RECORD EXTRACTS>
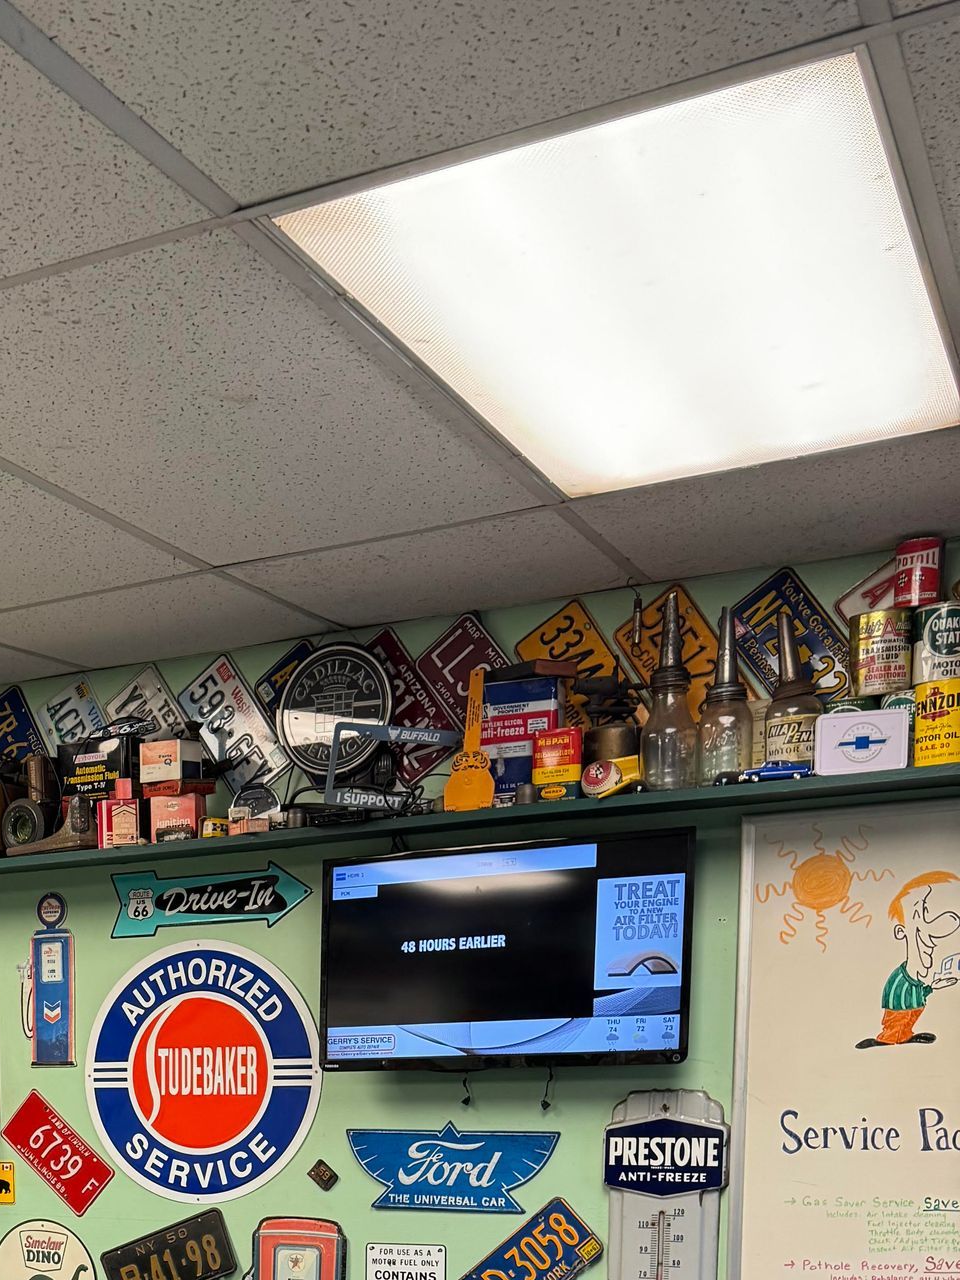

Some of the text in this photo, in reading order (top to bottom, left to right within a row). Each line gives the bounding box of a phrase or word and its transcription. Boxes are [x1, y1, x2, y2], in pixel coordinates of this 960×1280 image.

[867, 666, 890, 674] SEALER
[942, 668, 957, 676] OIL
[295, 661, 374, 700] CADILLAC
[399, 665, 437, 720] ARIZONA
[492, 703, 529, 711] GOVERNMENT
[401, 732, 440, 742] BUFFALO
[769, 745, 800, 756] MOTOR
[75, 764, 106, 775] Automatic
[64, 771, 119, 785] Transmission Fluid
[336, 793, 341, 803] I
[343, 793, 401, 808] SUPPORT
[614, 879, 680, 901] TREAT
[163, 880, 275, 916] Drive-In
[614, 898, 679, 910] YOUR ENGINE
[133, 905, 149, 918] 66
[614, 913, 678, 926] AIR FILTER
[612, 923, 678, 941] TODAY!
[401, 934, 506, 953] 48 HOURS EARLIER
[120, 956, 284, 1028] AUTHORIZED
[328, 1036, 392, 1045] GERRY'S SERVICE
[780, 1109, 901, 1155] Service
[29, 1125, 82, 1180] 6739
[608, 1137, 720, 1167] PRESTONE
[124, 1131, 278, 1190] SERVICE
[397, 1140, 503, 1188] Ford
[619, 1172, 707, 1183] ANTI-FREEZE
[389, 1194, 506, 1207] THE UNIVERSAL CAR
[802, 1196, 960, 1211] Gas Saver Save
[913, 1210, 947, 1219] cleaning
[888, 1221, 921, 1229] Injector
[925, 1221, 955, 1229] cleaning
[24, 1235, 64, 1251] Sinclair
[136, 1240, 156, 1256] NY
[26, 1252, 61, 1265] DINO
[414, 1249, 424, 1257] AS
[426, 1249, 432, 1257] A
[372, 1258, 440, 1267] MOTOR FUEL ONLY
[803, 1256, 960, 1273] Pothole Recovery, Save

ABOUT THIS TASK>
The records above must all be output exactly. Omit the images.

RESULT OF THIS TASK>
Some of the text in this photo, in reading order (top to bottom, left to right within a row). Each line gives the bounding box of a phrase or word and its transcription. Boxes are [x1, y1, x2, y2], in pixel coordinates of this 960×1280 image.

[867, 666, 890, 674] SEALER
[942, 668, 957, 676] OIL
[295, 661, 374, 700] CADILLAC
[399, 665, 437, 720] ARIZONA
[492, 703, 529, 711] GOVERNMENT
[401, 732, 440, 742] BUFFALO
[769, 745, 800, 756] MOTOR
[75, 764, 106, 775] Automatic
[64, 771, 119, 785] Transmission Fluid
[336, 793, 341, 803] I
[343, 793, 401, 808] SUPPORT
[614, 879, 680, 901] TREAT
[163, 880, 275, 916] Drive-In
[614, 898, 679, 910] YOUR ENGINE
[133, 905, 149, 918] 66
[614, 913, 678, 926] AIR FILTER
[612, 923, 678, 941] TODAY!
[401, 934, 506, 953] 48 HOURS EARLIER
[120, 956, 284, 1028] AUTHORIZED
[328, 1036, 392, 1045] GERRY'S SERVICE
[780, 1109, 901, 1155] Service
[29, 1125, 82, 1180] 6739
[608, 1137, 720, 1167] PRESTONE
[124, 1131, 278, 1190] SERVICE
[397, 1140, 503, 1188] Ford
[619, 1172, 707, 1183] ANTI-FREEZE
[389, 1194, 506, 1207] THE UNIVERSAL CAR
[802, 1196, 960, 1211] Gas Saver Save
[913, 1210, 947, 1219] cleaning
[888, 1221, 921, 1229] Injector
[925, 1221, 955, 1229] cleaning
[24, 1235, 64, 1251] Sinclair
[136, 1240, 156, 1256] NY
[26, 1252, 61, 1265] DINO
[414, 1249, 424, 1257] AS
[426, 1249, 432, 1257] A
[372, 1258, 440, 1267] MOTOR FUEL ONLY
[803, 1256, 960, 1273] Pothole Recovery, Save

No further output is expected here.